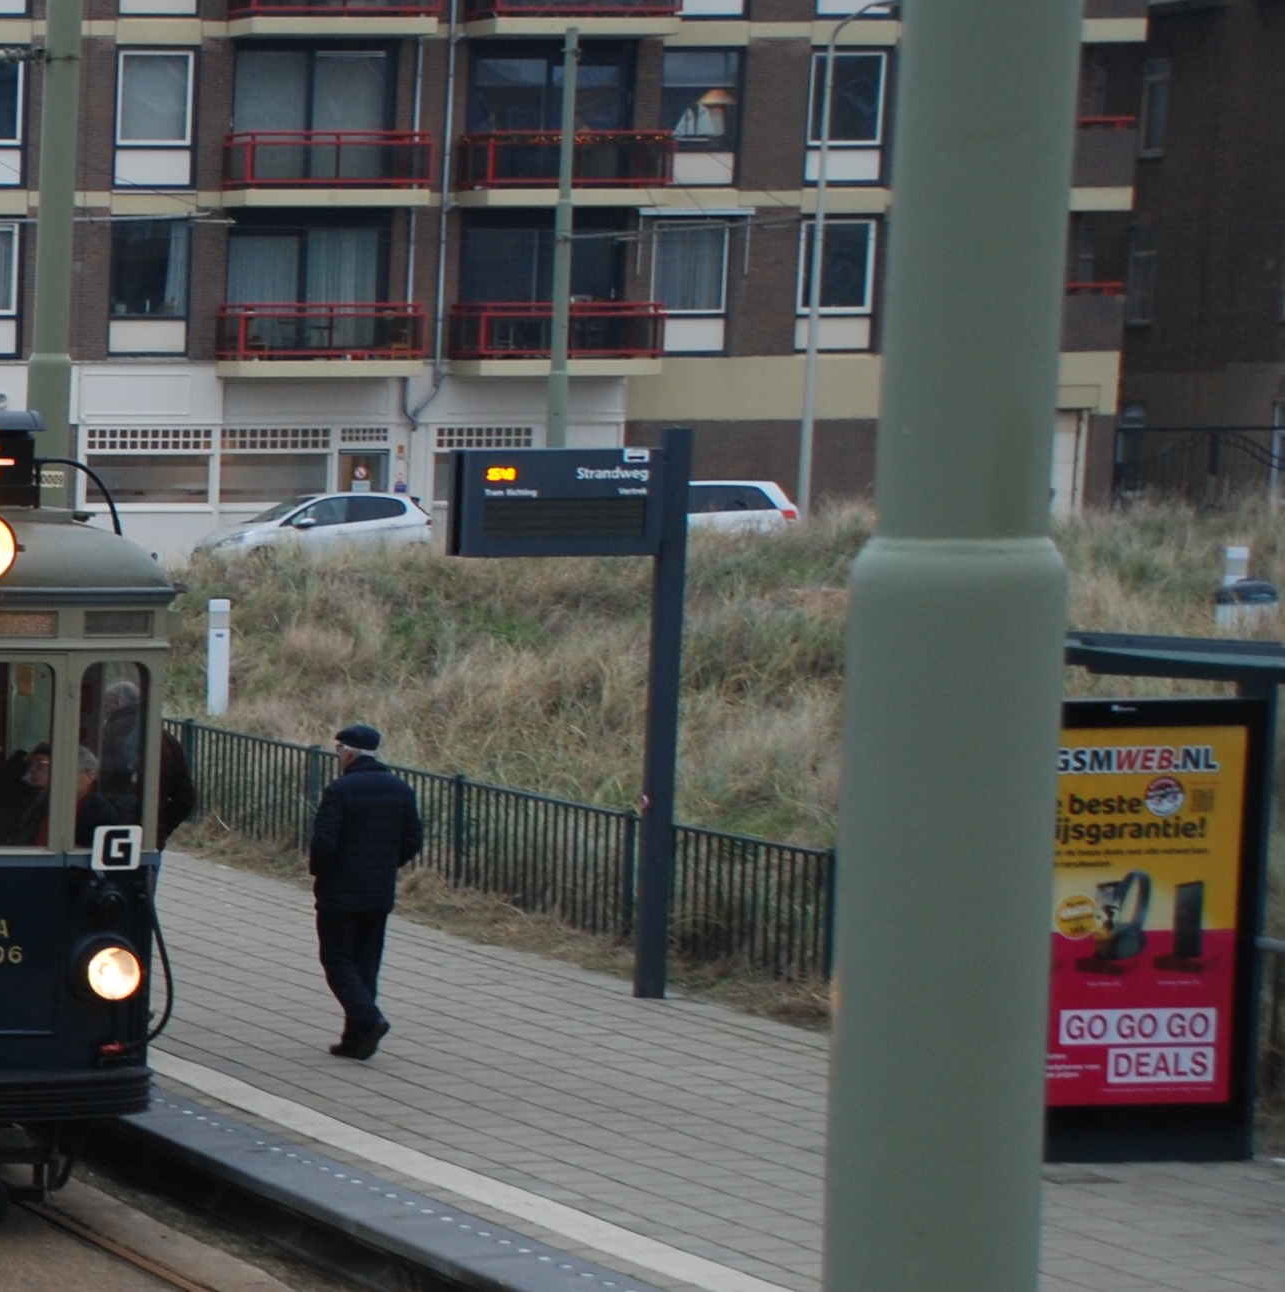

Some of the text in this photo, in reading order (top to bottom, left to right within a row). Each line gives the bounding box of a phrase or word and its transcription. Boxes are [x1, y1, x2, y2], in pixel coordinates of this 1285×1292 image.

[576, 467, 649, 482] Strandweg
[1058, 748, 1218, 771] GSMWEB.NL
[1068, 794, 1142, 815] beste
[102, 829, 134, 866] G
[1065, 1013, 1209, 1040] GO GO GO
[1113, 1052, 1208, 1078] DEALS
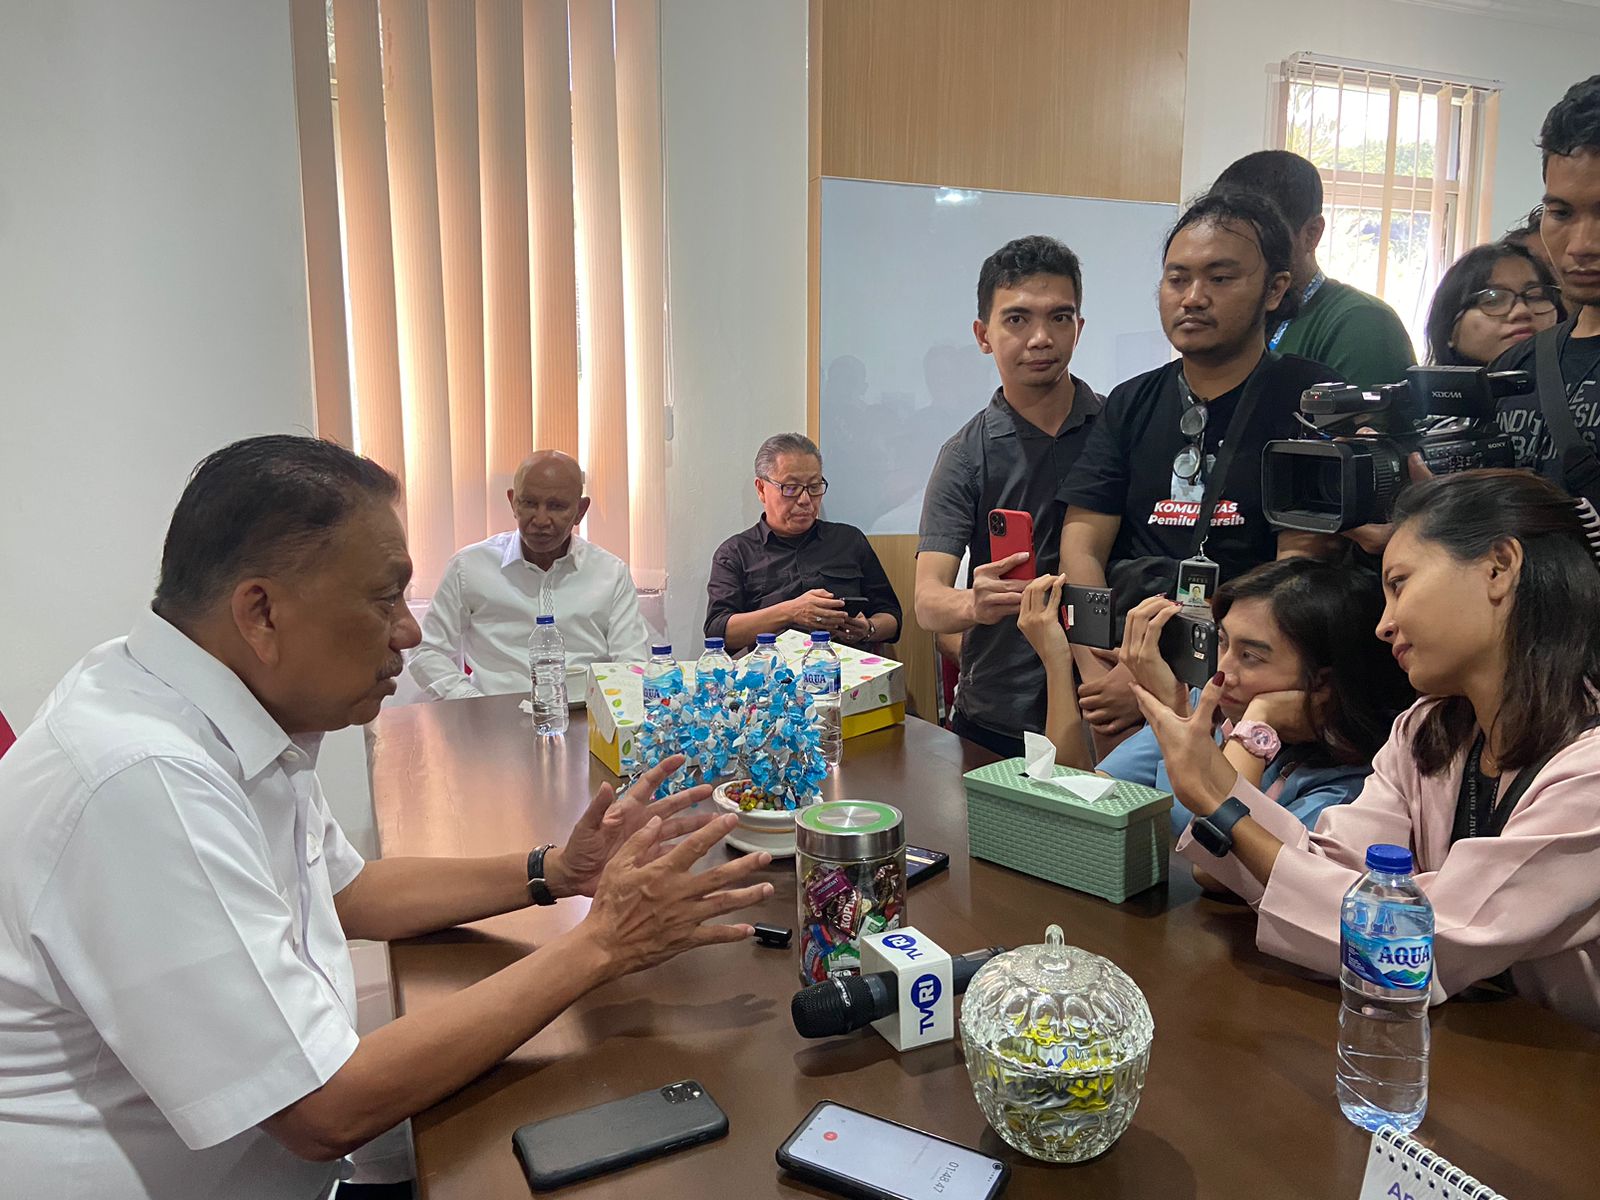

= Required work =
Every line above should be returned word for word, with the pictures left behind.

= Answer =
Some of the text in this photo, in reading order (top to bottom, left to right within a row). Each line gives the bounding box of a phrase or word and its transcription. Boxes are [x1, y1, x2, y2], in pixel coordinates of this 1285×1292 image.

[576, 467, 649, 482] Strandweg
[1058, 748, 1218, 771] GSMWEB.NL
[1068, 794, 1142, 815] beste
[102, 829, 134, 866] G
[1065, 1013, 1209, 1040] GO GO GO
[1113, 1052, 1208, 1078] DEALS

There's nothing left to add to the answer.